How-to measure RNA quality and quantity:

  • UV Spectroscopy – The traditional method for assessing RNA concentration and purity. The UV absorbance of a diluted RNA sample is measured at both 260nm and 280nm wavelengths and the nucleic acid concentration calculated from these measurements using the Beer-Lambert law which predicts a linear change in absorbance with concentration. (For more information click on the link: RNA quantitation is an important and necessary step prior to most RNA analysis methods). UV spectroscopy is a simple measurement method and spectrophotometers are readily available in most laboratories. The Thermo Scientific NanoDrop One/OneC microvolume UV-Vis Spectrophotometer has a further benefit as it enables RNA quantitation with only 1-2 µL of sample (traditional spectrophotometers require a much larger volume).
  • Qubit Fluorometers – Fluorometric methods are another option to measure nucleic acid using specialized fluorescent dyes. With the Qubit Fluorometer instruments, like Qubit 4 Fluorometer, RNA quantity, integrity and quality can be rapidly measured using highly sensitive Qubit assays even in RNA samples with very low concentration.
  • Capillary electrophoresis analysis – RNA quantitation and quality determination based on traditional gel electrophoresis transferred to a microfluidics chip format. These systems provide automated sizing in addition to quantity and quality. RNA integrity number (RIN) can be obtained to assess the quality of the isolated RNA.
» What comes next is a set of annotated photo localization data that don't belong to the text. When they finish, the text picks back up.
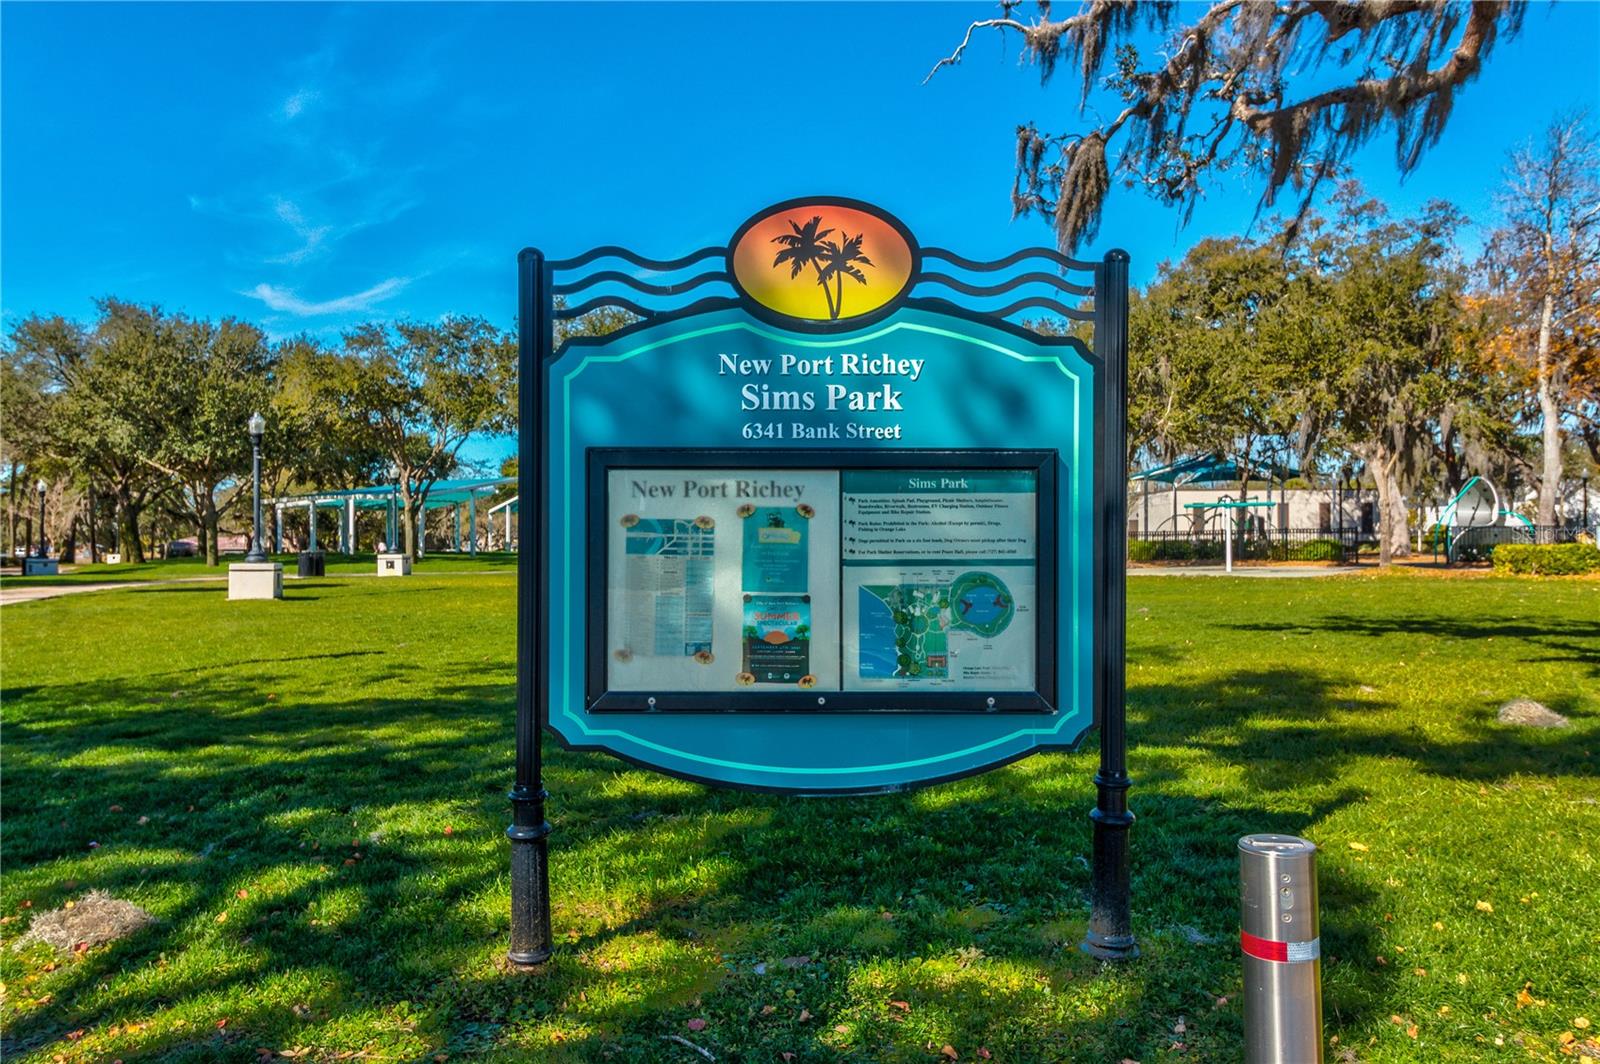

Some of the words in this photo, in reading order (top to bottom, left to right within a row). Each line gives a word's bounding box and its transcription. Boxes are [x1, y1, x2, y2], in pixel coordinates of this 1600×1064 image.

[718, 354, 772, 376] New
[780, 354, 834, 376] Port
[840, 353, 925, 381] Richey
[741, 383, 815, 412] Sims
[825, 383, 904, 412] Park
[742, 423, 784, 440] 6341
[791, 423, 840, 440] Bank
[846, 423, 902, 440] Street
[631, 480, 676, 498] New
[683, 480, 732, 498] Port
[735, 480, 806, 502] Richey
[908, 478, 936, 489] Sims
[941, 478, 968, 489] Park
[754, 612, 799, 620] SUMMER
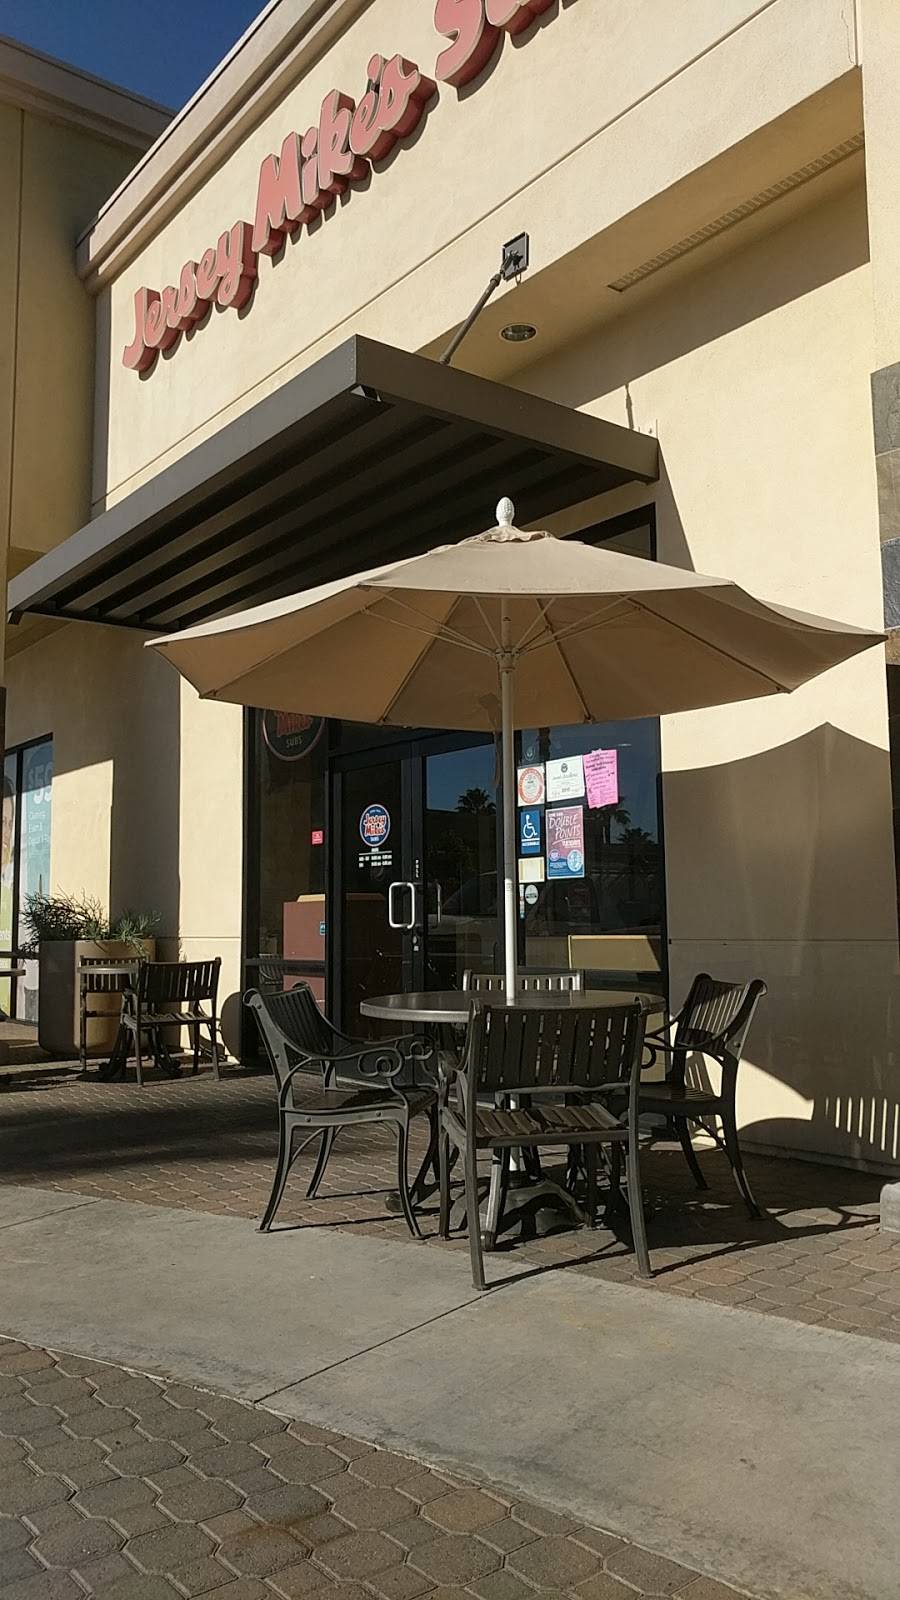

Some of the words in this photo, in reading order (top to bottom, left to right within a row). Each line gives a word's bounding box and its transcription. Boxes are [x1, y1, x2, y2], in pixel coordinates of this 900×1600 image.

Standard acceptable measurements for RNA Quality

  • A260/A280 ratio indicates the level of protein contamination. Acceptable ratio for RNA is 1.8-2.0
  • RNA Integrity Number (RIN) – indicates the overall “intactness” of RNA. Ideally, RNA analysis techniques recommend using RNA samples with a minimum RIN value of 7. However, some molecular techniques (e.g. qRT-PCR) can tolerate samples with RIN values as low as 2.
 

Know your downstream application

RNA can be analyzed via a myriad of applications such as qRT-PCR, microarray, total RNA sequencing, amplicon based/targeted sequencing among others. It is best practice to know the RNA input requirements before RNA purification so you choose the right method and save time and sample.

Other things to consider:

  • Do you need to remove any/all residual contaminating DNA? If yes, on-column DNase digestion with Purelink DNase set is easiest and more efficient way to remove DNA
  • When analyzing with qRT-PCR, are the primers designed to a single exon gene? If yes, on-column DNase digestion with Purelink DNase set is easiest and more efficient way to remove DNA
  • Always Include a “-RT” control for each RNA sample to confirm that RNA is amplified rather than residual DNA
 

Bypass the need to isolate RNA by using a cell lysate method

Mastering the complexities of preparing, isolating and quantifying RNA will enhance your ability to understand molecular biology. However, there are certain analytical situations that might allow one to bypass the need to isolate RNA all-together and instead make use of a simpler and faster cell lysate method, saving both time and effort. Cells-to-Ct is one such option. An innovative lysate-based sample preparation method, it enables users to directly lyse from 10 to 100,000 cells in their tissue culture plates. After the short 5 minute lysis step and 2 minute stop reaction step, the cell lysates can be used directly in downstream reverse transcriptase (RT) and qPCR reactions. High throughput and automation friendly, this method allows users to process 96 samples in less than 10 minutes without the need for RNA columns or magnetic beads, centrifugation, heating or expensive sample prep automation systems.

For Research Use Only. Not intended for human or animal therapeutic or diagnostic use.